*EXERCISE OBJECTIVE*
Each line of the records must appear in your answer exactly, with no pictures.

*** MATERIAL SUPPLIED ***

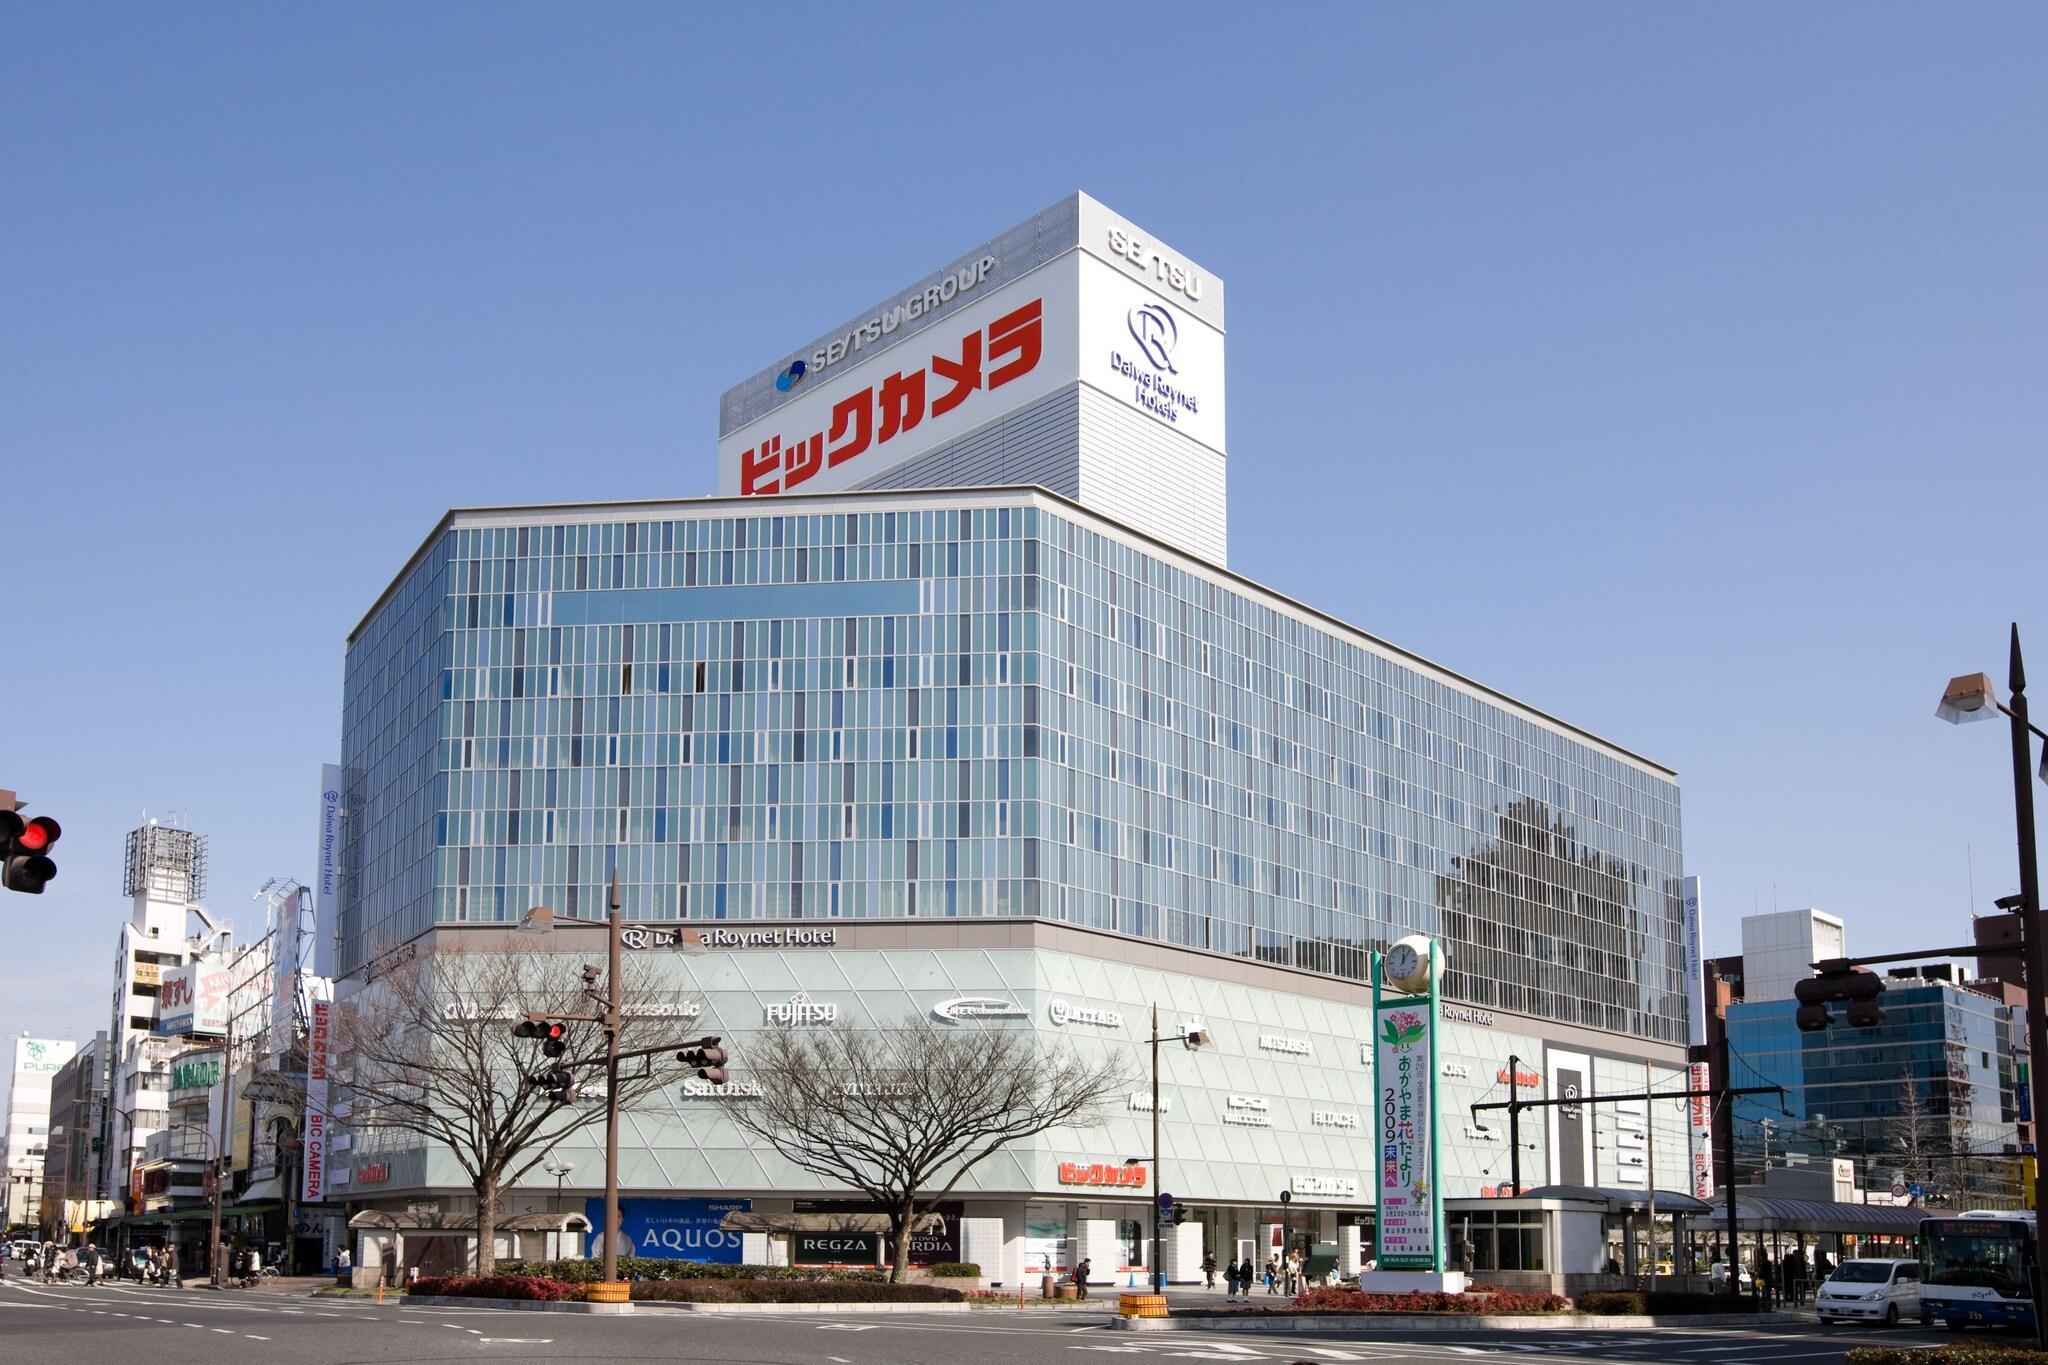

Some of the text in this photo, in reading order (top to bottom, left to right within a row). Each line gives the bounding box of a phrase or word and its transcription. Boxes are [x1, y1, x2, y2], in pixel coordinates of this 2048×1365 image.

[905, 254, 995, 320] GROUP
[741, 297, 1043, 496] ビックカメラ
[1111, 350, 1198, 415] Daiwa Roynet
[322, 805, 336, 895] Daiwa Roynet Hotel
[714, 928, 781, 948] Roynet
[785, 927, 837, 944] Hotel
[1442, 1004, 1494, 1027] Roynet Hotel
[1398, 1055, 1413, 1188] おかやま花だより
[307, 1115, 323, 1199] BIC CAMERA
[1060, 1162, 1147, 1187] ビックカメラ
[642, 1228, 741, 1252] AQUOS
[804, 1239, 867, 1250] REGZA
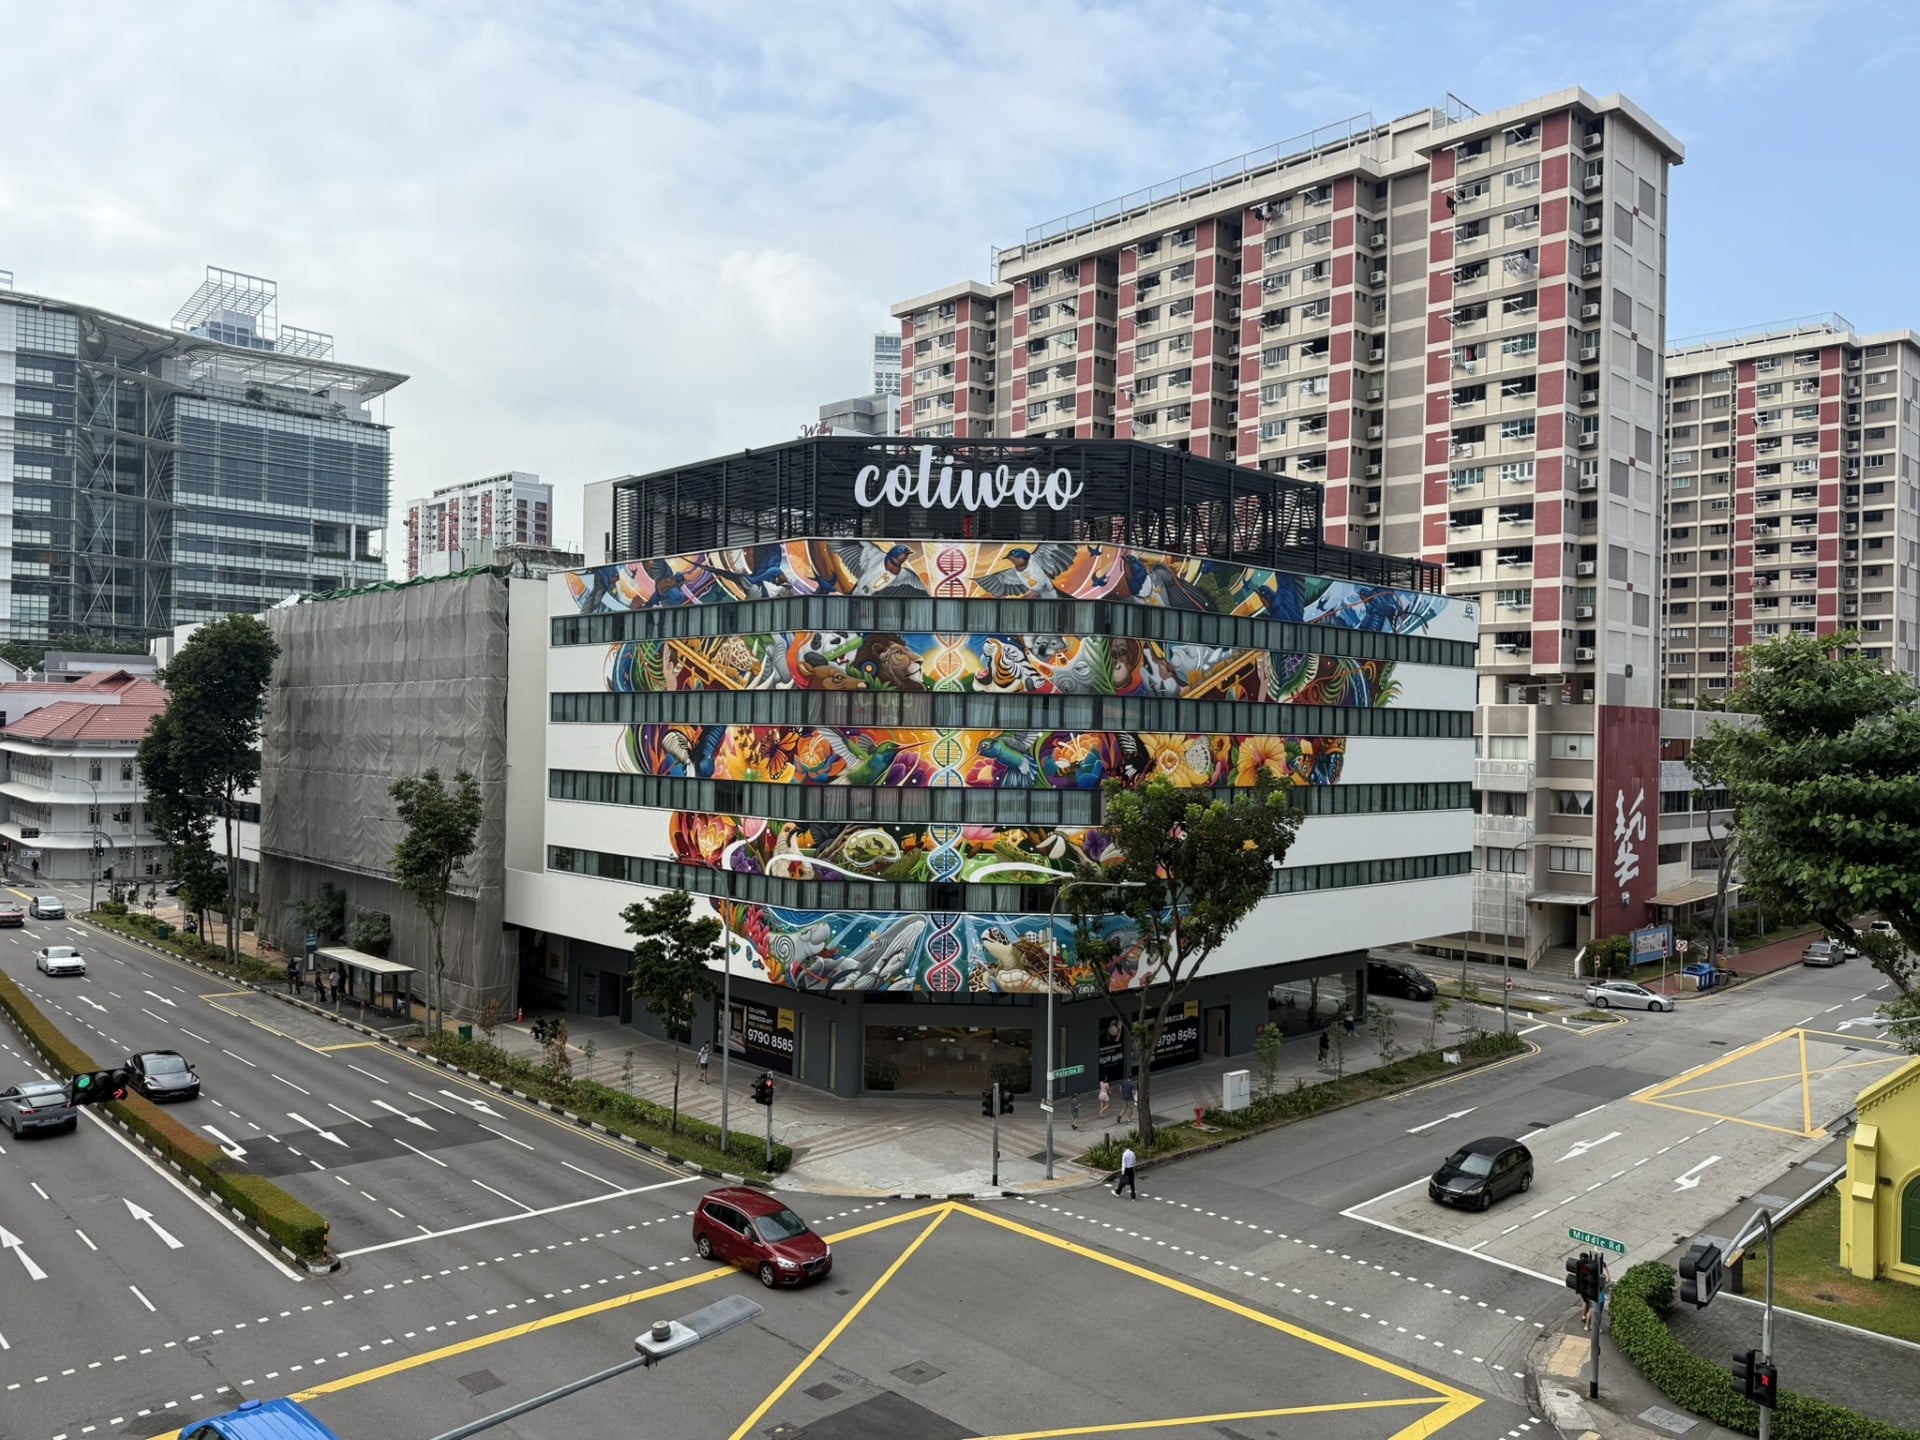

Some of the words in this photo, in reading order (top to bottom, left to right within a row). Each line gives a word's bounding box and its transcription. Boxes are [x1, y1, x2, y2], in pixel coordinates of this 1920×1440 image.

[854, 444, 1084, 511] coliwoo
[747, 1028, 770, 1045] 9790
[771, 1035, 793, 1052] 8585
[1177, 1028, 1197, 1042] 8585
[1573, 1230, 1606, 1247] Middle
[1609, 1241, 1621, 1252] Rd
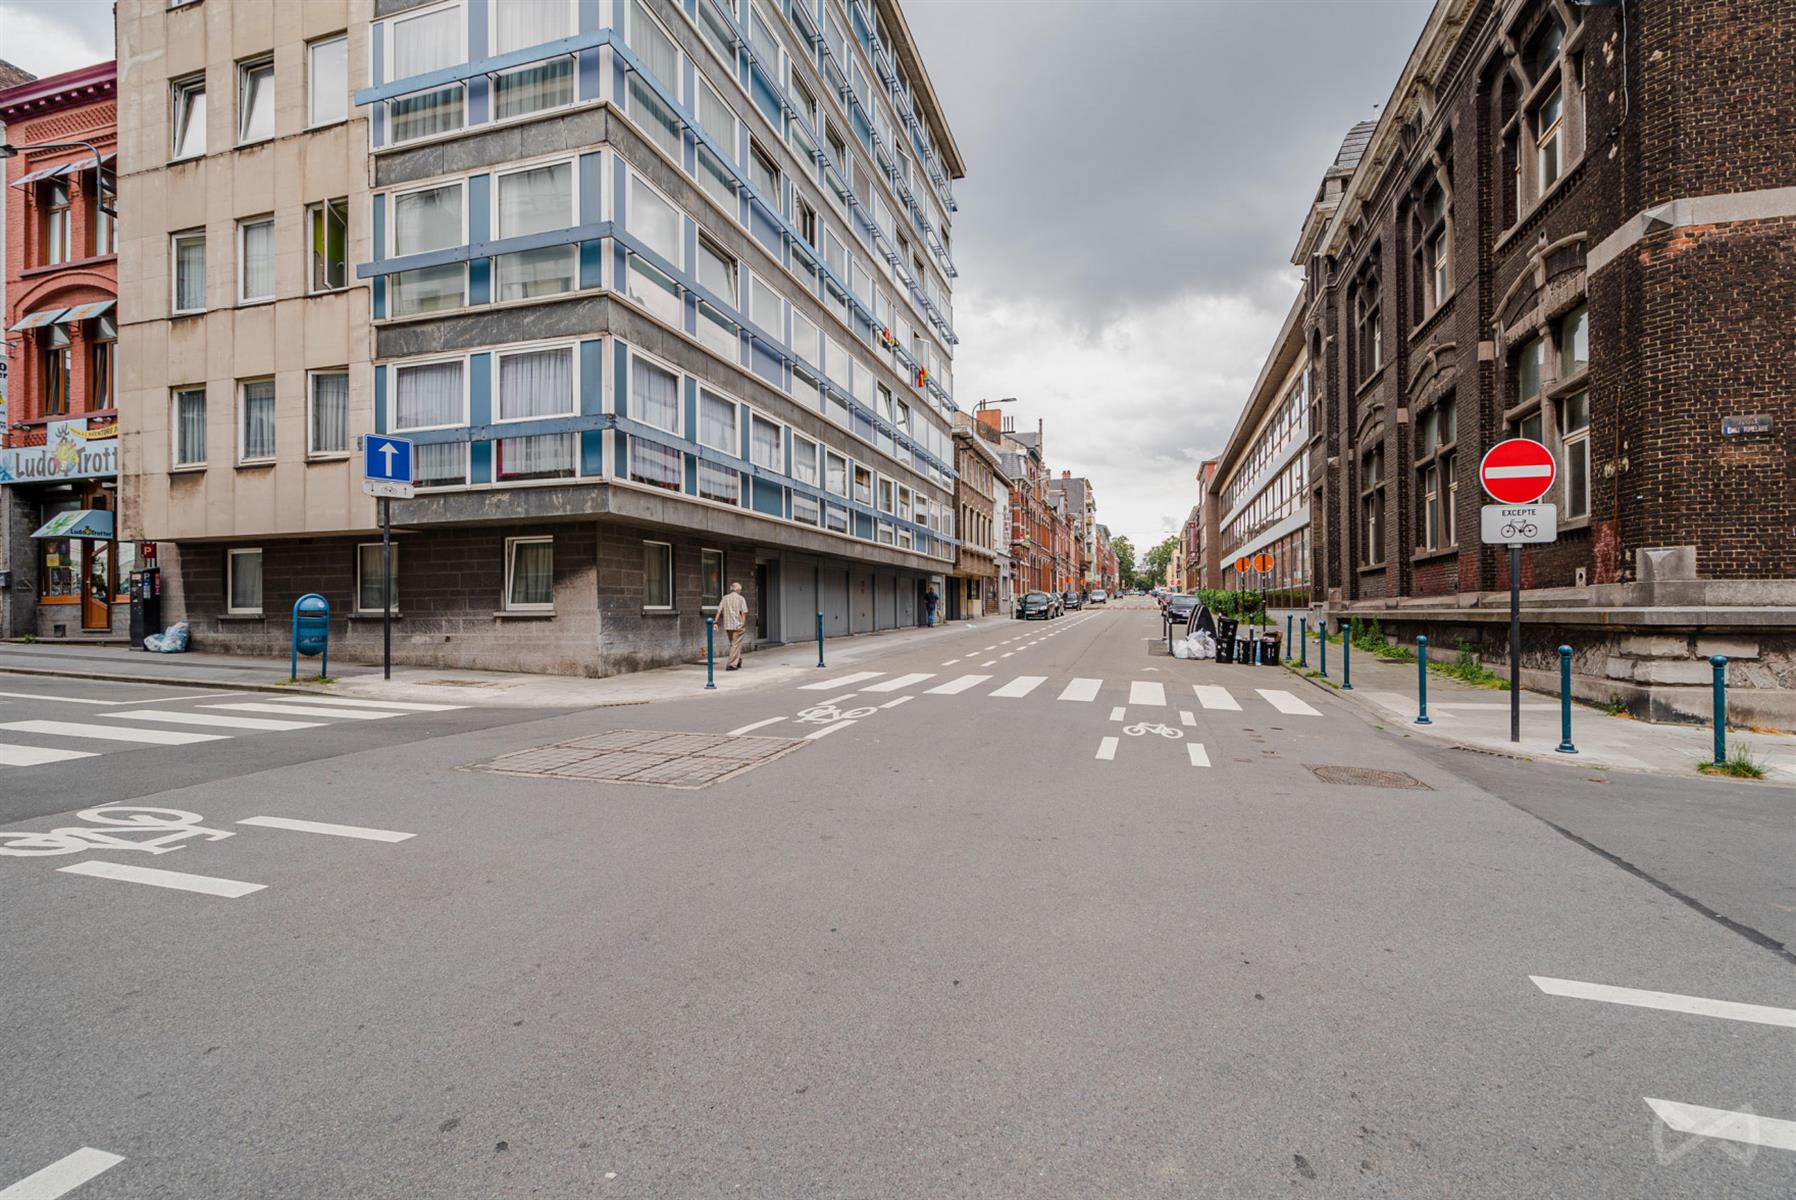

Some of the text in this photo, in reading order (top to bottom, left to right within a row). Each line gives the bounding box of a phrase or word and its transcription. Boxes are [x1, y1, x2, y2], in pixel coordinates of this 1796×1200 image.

[15, 446, 118, 478] Ludo Trott
[143, 546, 152, 556] P
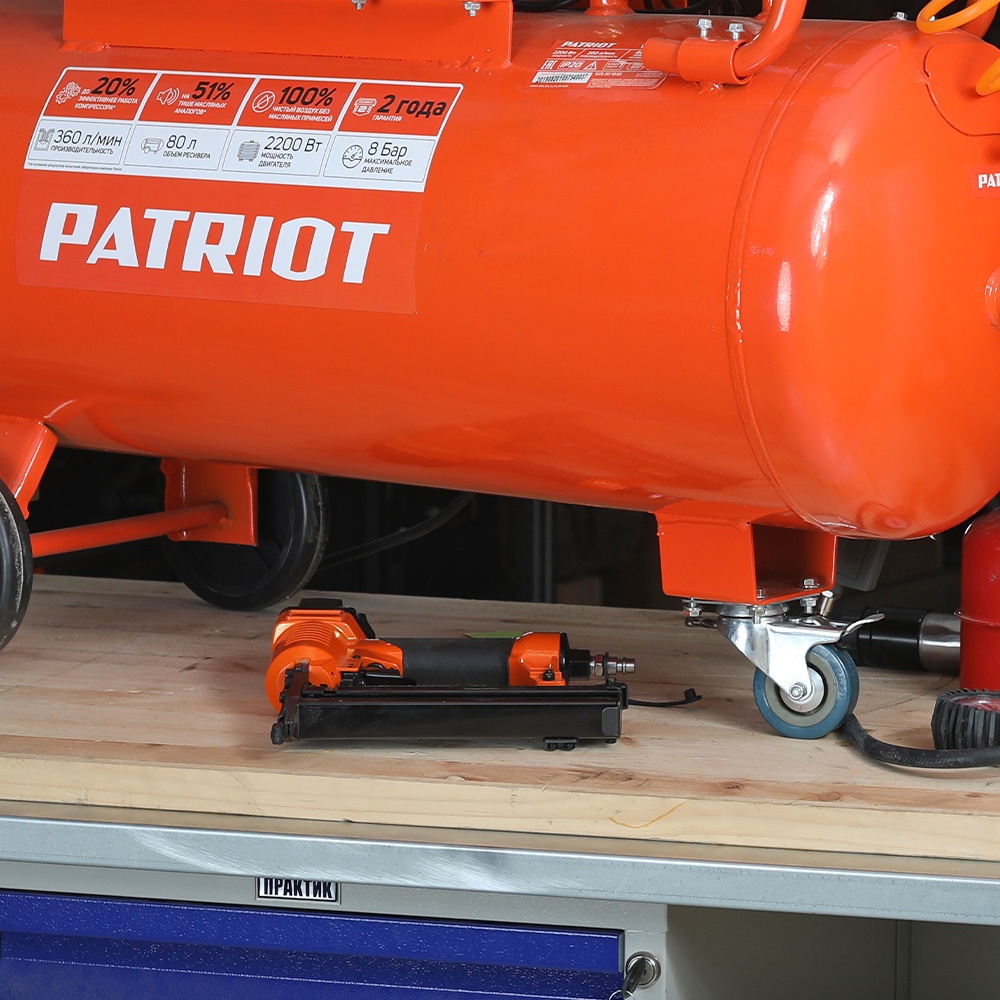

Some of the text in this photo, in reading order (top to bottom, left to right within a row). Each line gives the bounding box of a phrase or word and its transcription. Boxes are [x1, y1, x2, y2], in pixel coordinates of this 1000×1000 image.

*** End of MATERIAL SUPPLIED ***

*RESULT FOR THIS TASK*
Some of the text in this photo, in reading order (top to bottom, left to right within a row). Each line gives the bounding box of a phrase or word and its transcription. Boxes are [x1, y1, x2, y2], in pixel coordinates of this 2048×1365 image.

[905, 254, 995, 320] GROUP
[741, 297, 1043, 496] ビックカメラ
[1111, 350, 1198, 415] Daiwa Roynet
[322, 805, 336, 895] Daiwa Roynet Hotel
[714, 928, 781, 948] Roynet
[785, 927, 837, 944] Hotel
[1442, 1004, 1494, 1027] Roynet Hotel
[1398, 1055, 1413, 1188] おかやま花だより
[307, 1115, 323, 1199] BIC CAMERA
[1060, 1162, 1147, 1187] ビックカメラ
[642, 1228, 741, 1252] AQUOS
[804, 1239, 867, 1250] REGZA

Some of the words in this photo, in reading order (top to bottom, left to right within a row). Each line gives a word's bounding box and its transcription. Boxes are [x1, y1, x2, y2], in pixel coordinates of this 1920×1440 image.

[854, 444, 1084, 511] coliwoo
[747, 1028, 770, 1045] 9790
[771, 1035, 793, 1052] 8585
[1177, 1028, 1197, 1042] 8585
[1573, 1230, 1606, 1247] Middle
[1609, 1241, 1621, 1252] Rd

Some of the text in this photo, in reading order (top to bottom, left to right within a row). Each line gives the bounding box of a phrase or word and its transcription. Boxes are [x1, y1, x2, y2], in pixel coordinates of this 1796×1200 image.

[15, 446, 118, 478] Ludo Trott
[143, 546, 152, 556] P

Some of the text in this photo, in reading order (top to bottom, left to right within a row). Each line gives the bounding box of a phrase or word and its transcription. Boxes are [x1, y1, x2, y2], in pixel coordinates of this 1000×1000 image.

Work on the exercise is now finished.